» **Task brief**:
In the records below, find the line with "this 1344×1512 image." and repeat exactly every line from it through the line with "this 1250×1667 image.". Pictures stay out.

» **Records for this task**:
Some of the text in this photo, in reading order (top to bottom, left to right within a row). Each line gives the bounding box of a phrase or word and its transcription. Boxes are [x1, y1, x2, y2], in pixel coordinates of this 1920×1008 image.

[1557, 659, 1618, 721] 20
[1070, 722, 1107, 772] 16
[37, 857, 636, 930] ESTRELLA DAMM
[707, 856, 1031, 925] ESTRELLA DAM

--

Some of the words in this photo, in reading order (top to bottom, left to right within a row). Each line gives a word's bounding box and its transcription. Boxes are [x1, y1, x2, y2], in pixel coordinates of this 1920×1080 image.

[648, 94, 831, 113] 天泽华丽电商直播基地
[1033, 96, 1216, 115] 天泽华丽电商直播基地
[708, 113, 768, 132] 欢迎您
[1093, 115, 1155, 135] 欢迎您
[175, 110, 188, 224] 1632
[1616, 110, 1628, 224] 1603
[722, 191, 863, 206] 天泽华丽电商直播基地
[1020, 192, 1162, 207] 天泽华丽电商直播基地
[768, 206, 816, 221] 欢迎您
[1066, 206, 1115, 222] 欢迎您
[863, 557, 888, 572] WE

* * *

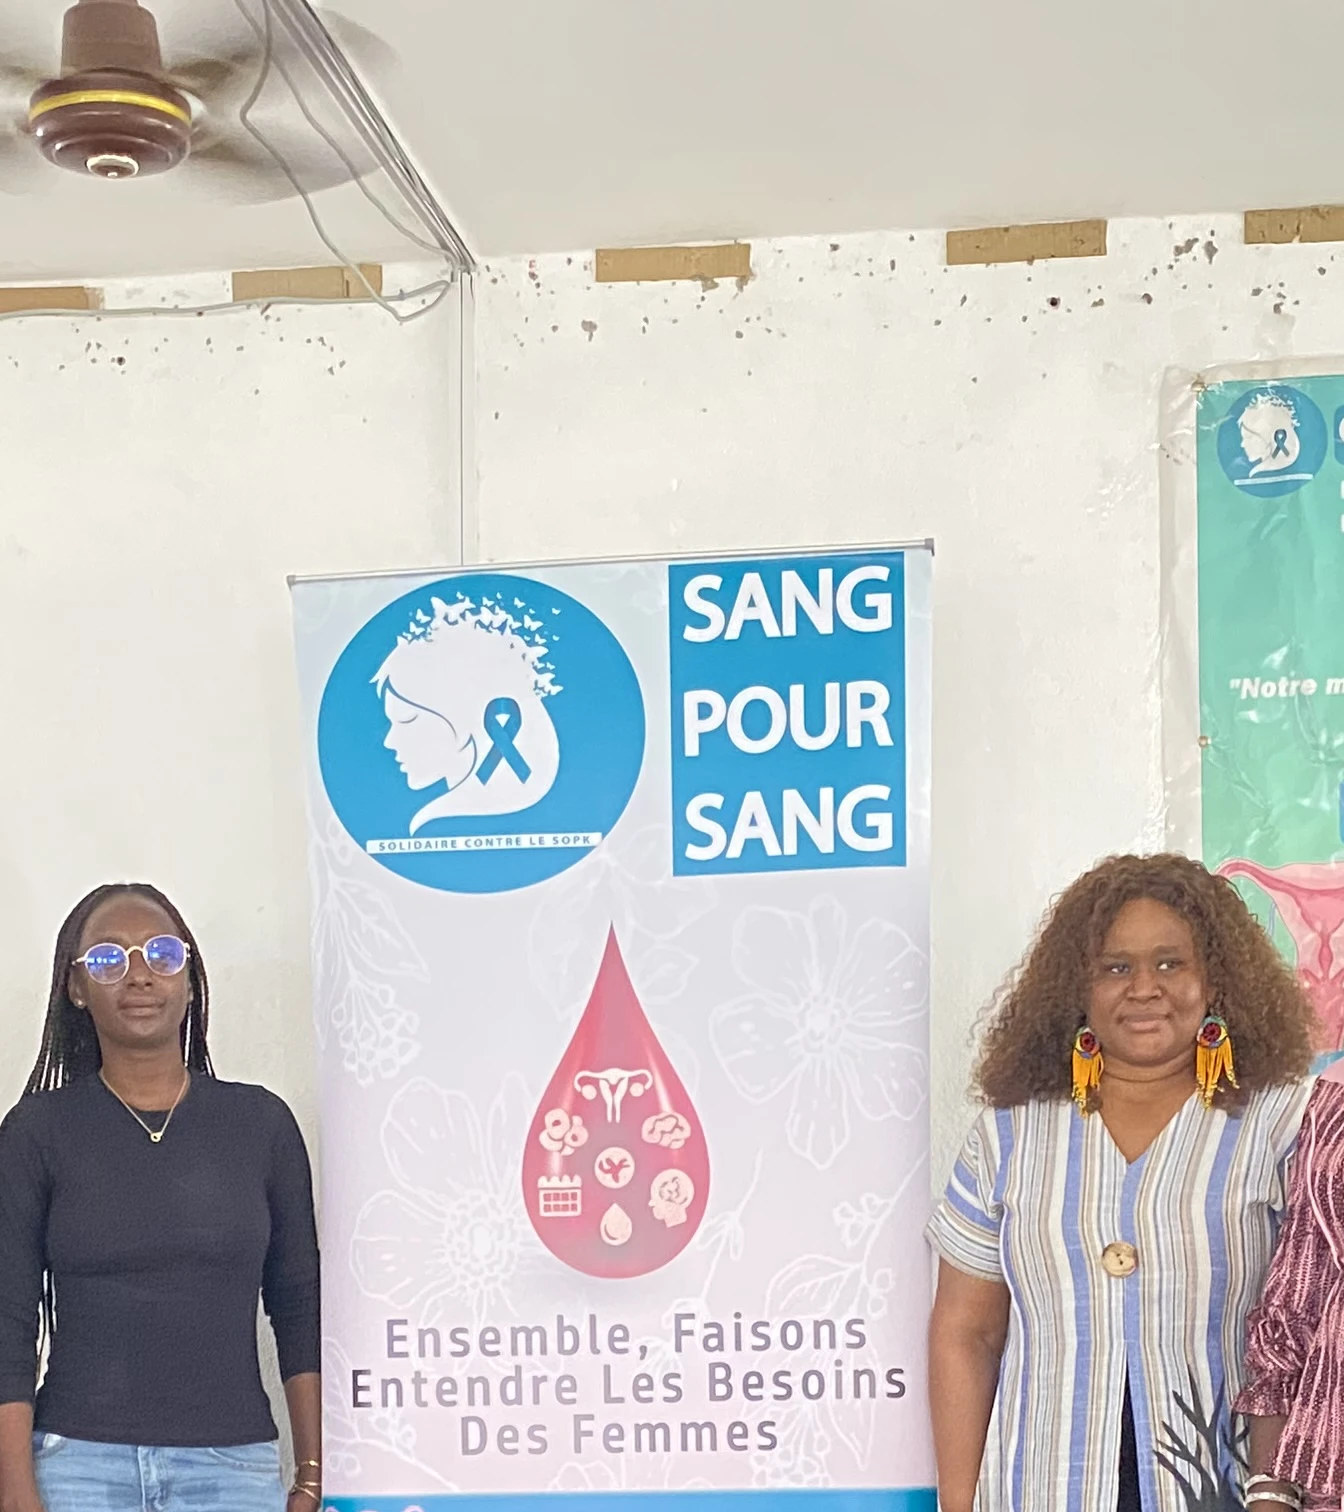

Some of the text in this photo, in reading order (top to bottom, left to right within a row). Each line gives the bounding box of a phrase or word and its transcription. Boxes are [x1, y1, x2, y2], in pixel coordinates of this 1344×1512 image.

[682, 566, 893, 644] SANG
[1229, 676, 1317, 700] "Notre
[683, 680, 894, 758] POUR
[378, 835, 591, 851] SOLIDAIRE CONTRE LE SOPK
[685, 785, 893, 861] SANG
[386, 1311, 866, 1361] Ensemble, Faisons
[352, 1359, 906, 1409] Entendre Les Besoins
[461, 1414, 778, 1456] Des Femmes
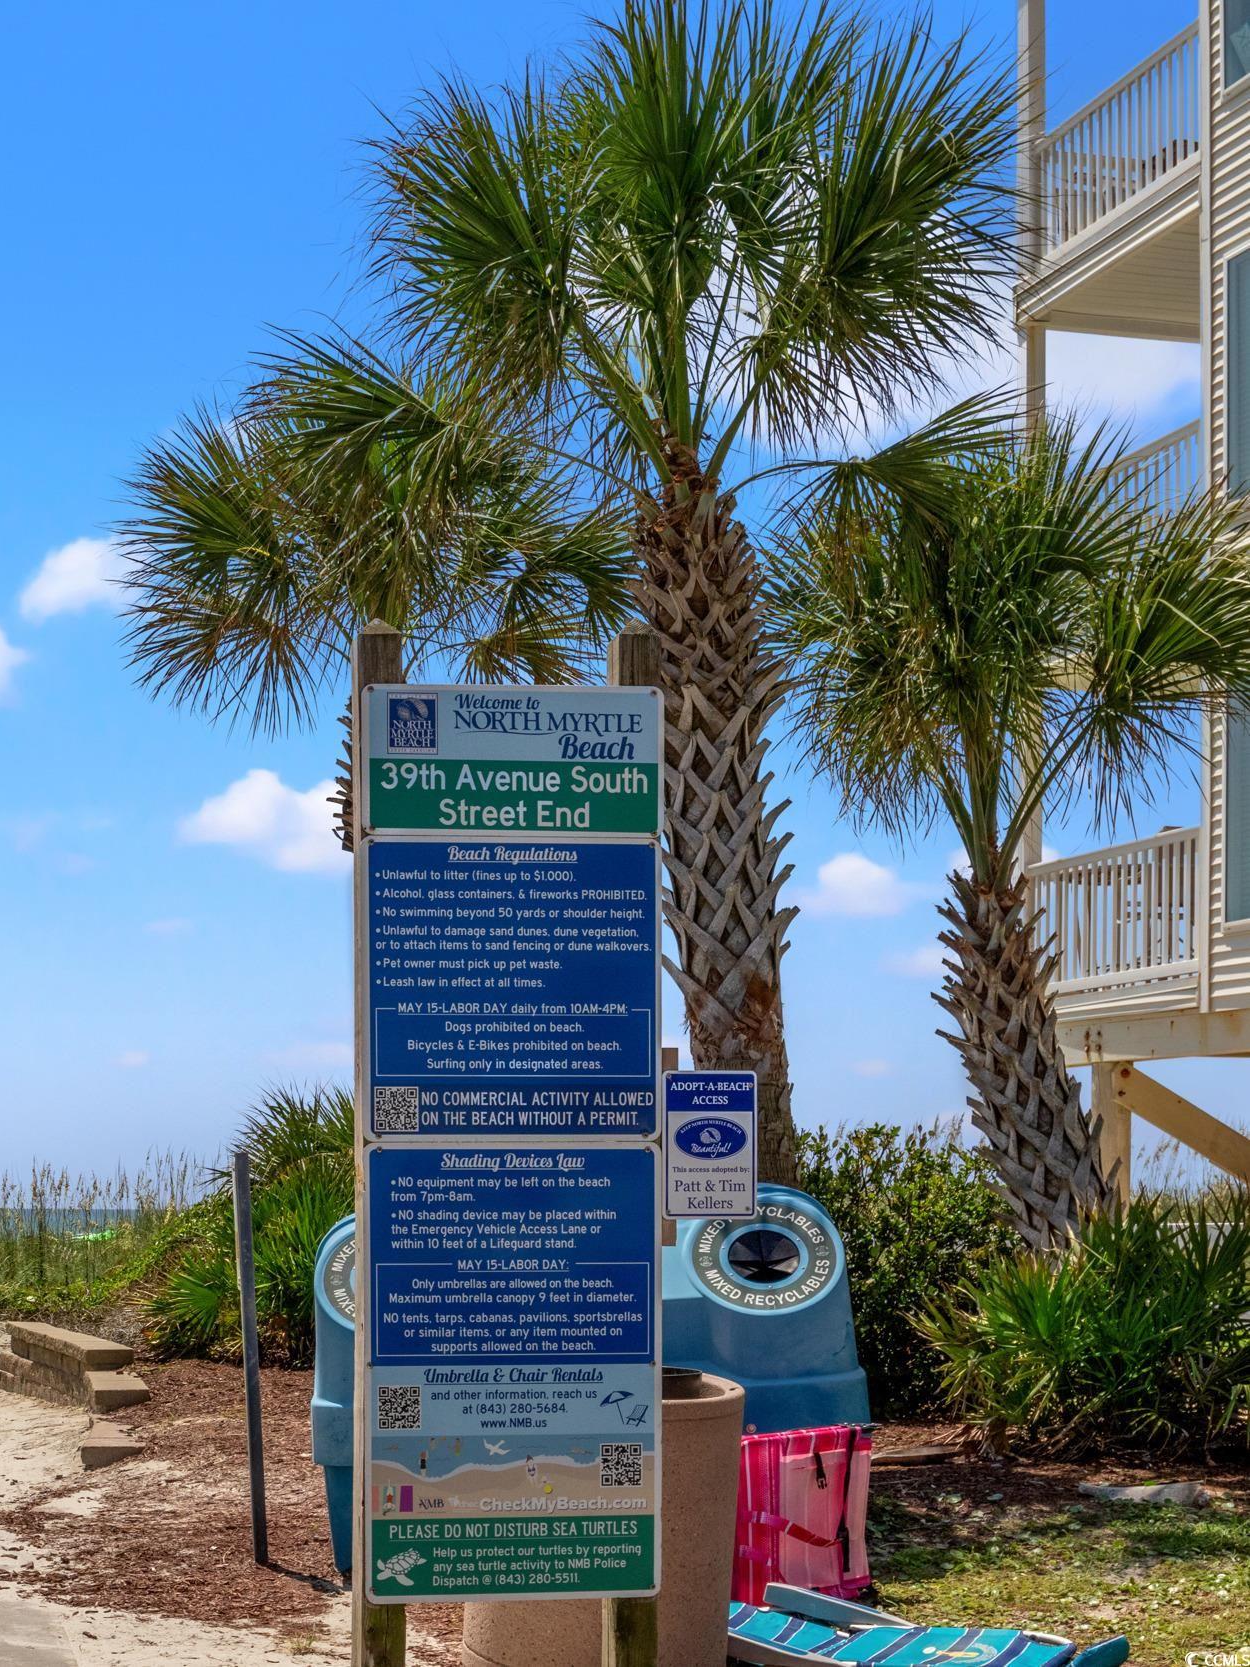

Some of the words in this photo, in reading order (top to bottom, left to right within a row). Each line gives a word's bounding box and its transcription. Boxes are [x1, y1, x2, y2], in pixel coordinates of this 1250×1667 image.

» **Solution to the problem**:
Some of the text in this photo, in reading order (top to bottom, left to right within a row). Each line gives the bounding box of a phrase or word and its transcription. Boxes are [x1, y1, x2, y2], in pixel coordinates of this 1344×1512 image.

[682, 566, 893, 644] SANG
[1229, 676, 1317, 700] "Notre
[683, 680, 894, 758] POUR
[378, 835, 591, 851] SOLIDAIRE CONTRE LE SOPK
[685, 785, 893, 861] SANG
[386, 1311, 866, 1361] Ensemble, Faisons
[352, 1359, 906, 1409] Entendre Les Besoins
[461, 1414, 778, 1456] Des Femmes

Some of the words in this photo, in reading order (top to bottom, left to right within a row). Each line gives a word's bounding box and its transcription. Boxes are [x1, y1, x2, y2], in pixel coordinates of this 1250×1667 image.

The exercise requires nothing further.